Tıpkı Nasreddin Hoca ve Keloğlan gibi La Fontaine'in de aslında çocuklar için olmadığı genç yetişkinler ya da en iyi ihtimalle hayata hazırlanan ergenler için yaşamı anlama kılavuzu olarak değerlendirilmesi gerektiği söylenir. Bugüne kadar dünyadaki hemen hemen tüm dillere çevrilmiş olan La Fontaine fablları 17. yy'dan beri gerek orijinal gerek uyarlama türlü şekillerde de yayımlanmıştır.
Yazıldıkları söylendikleri dönemin toplumsal kültürel yapısını ahlak anlayışından güzellik anlayışına o dönemin dokusunu hayata bakış açısını yansıtan bu metinleri yazıldıkları döneme göre değerlendirmelidir. Bu fabllardan bazıları yaygın olarak bilinmez.
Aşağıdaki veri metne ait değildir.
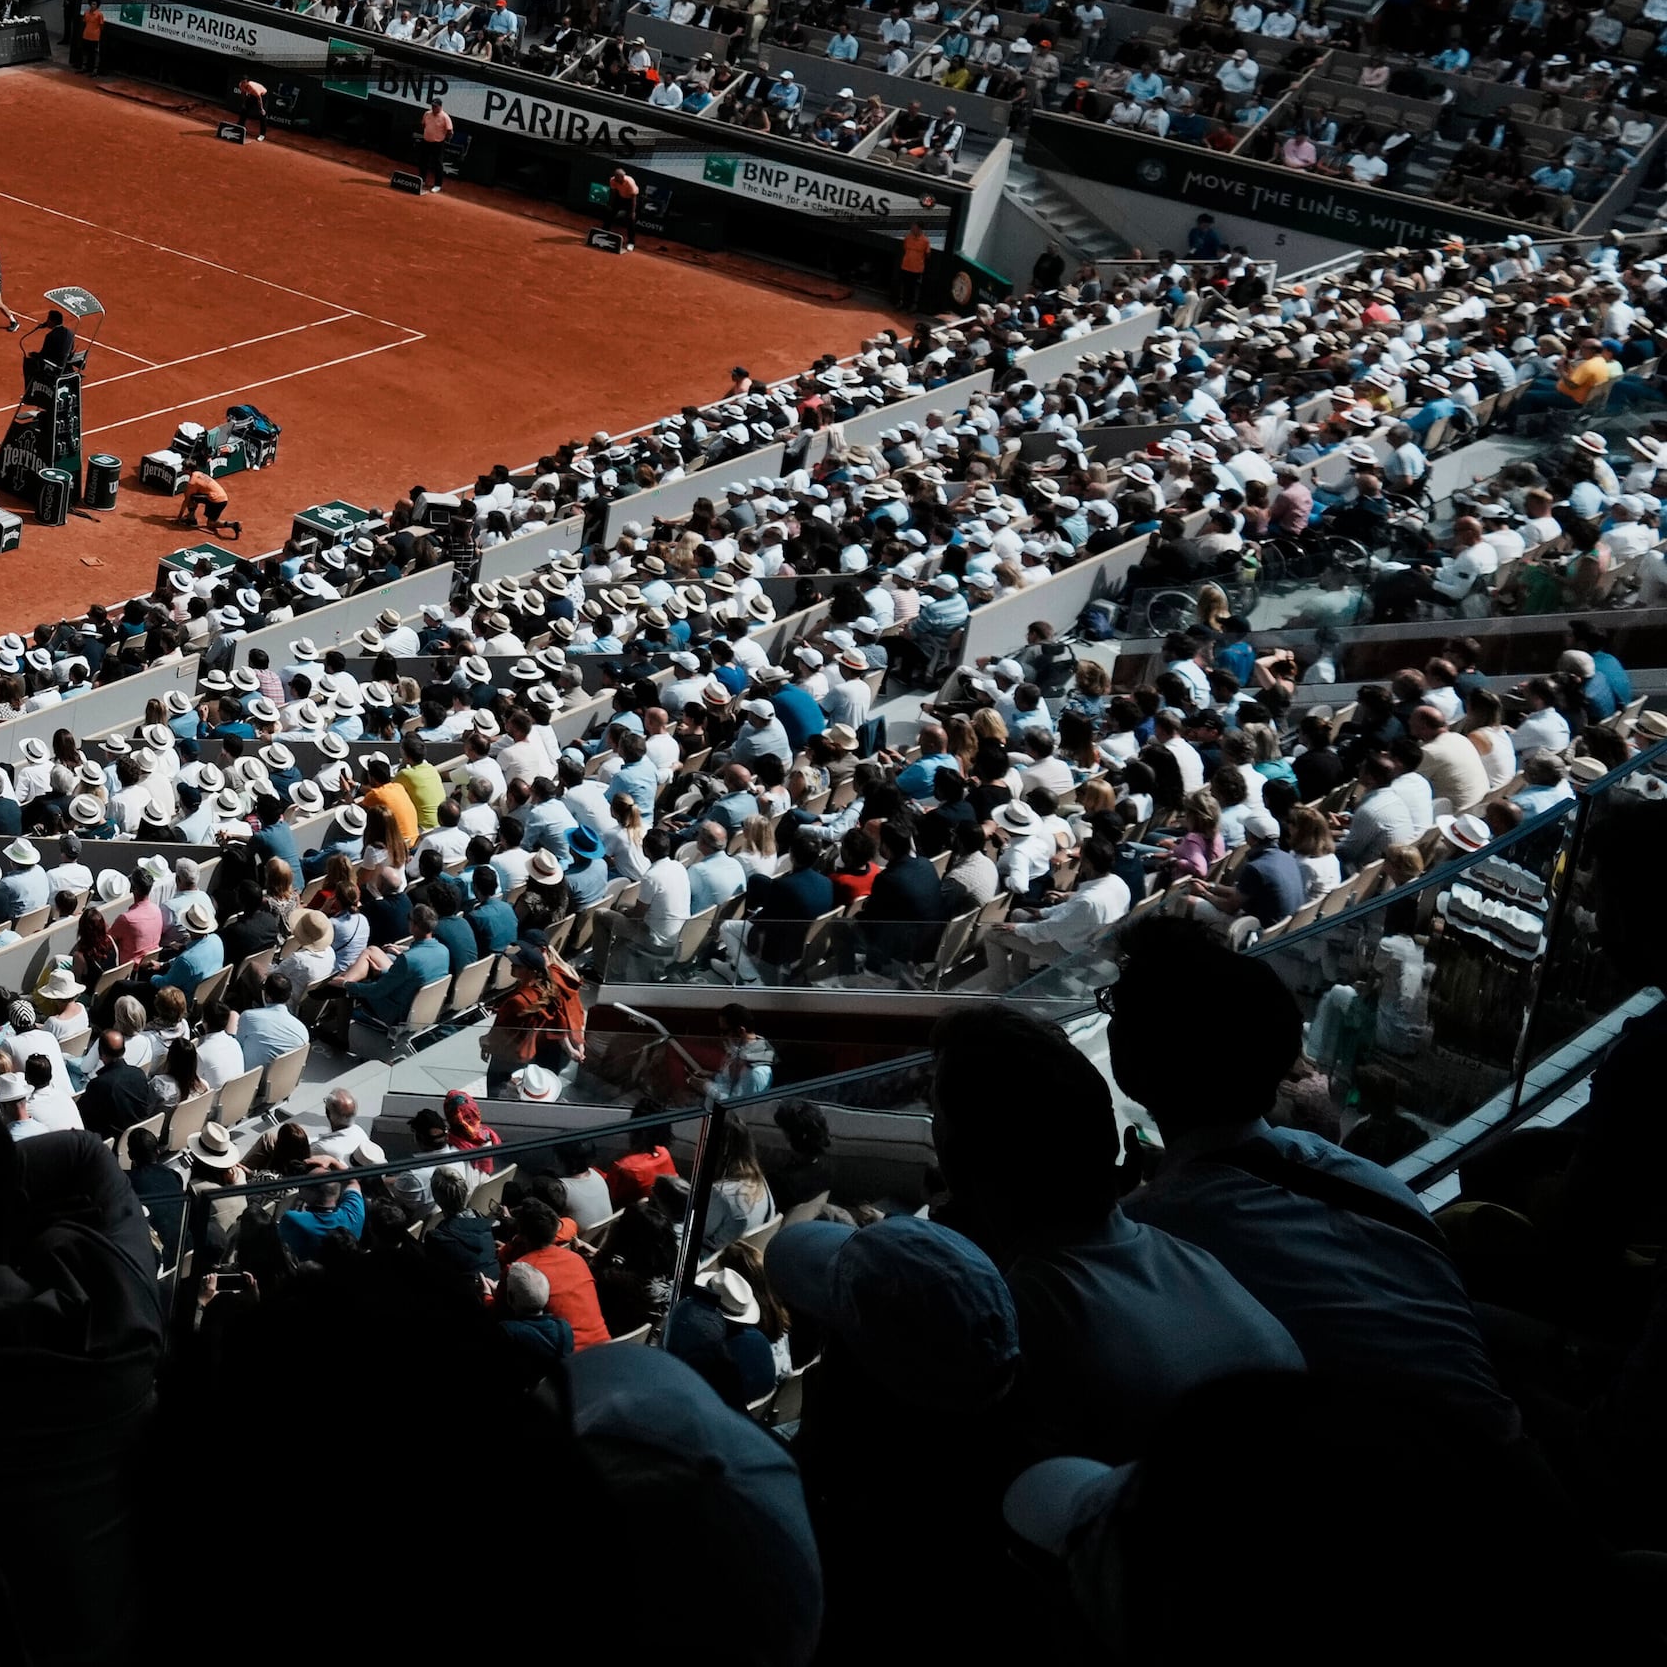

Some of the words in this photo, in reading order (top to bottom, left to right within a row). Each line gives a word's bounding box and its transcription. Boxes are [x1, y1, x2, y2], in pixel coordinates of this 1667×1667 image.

Metinler zaman zaman bize yabancı gelecek unsurlar içerse de bazı hayret verici şeylerin 1600'lü yıllardan beri değişmediğini görmek ise gerçekten ilginçtir. Bu bize insanoğlunun bazı yönlerinin ilelebet aynı kalacağına dair karamsar fikri kanıtlıyor gibidir. Fabllar bize dünü bugünü ve geleceği hatırlatır.
Adolf Born'un muhteşem resimlerinin her biri ise ayrı bir sanat yapıtı olarak La Fontaine'in fabllarına eşlik etmektedir.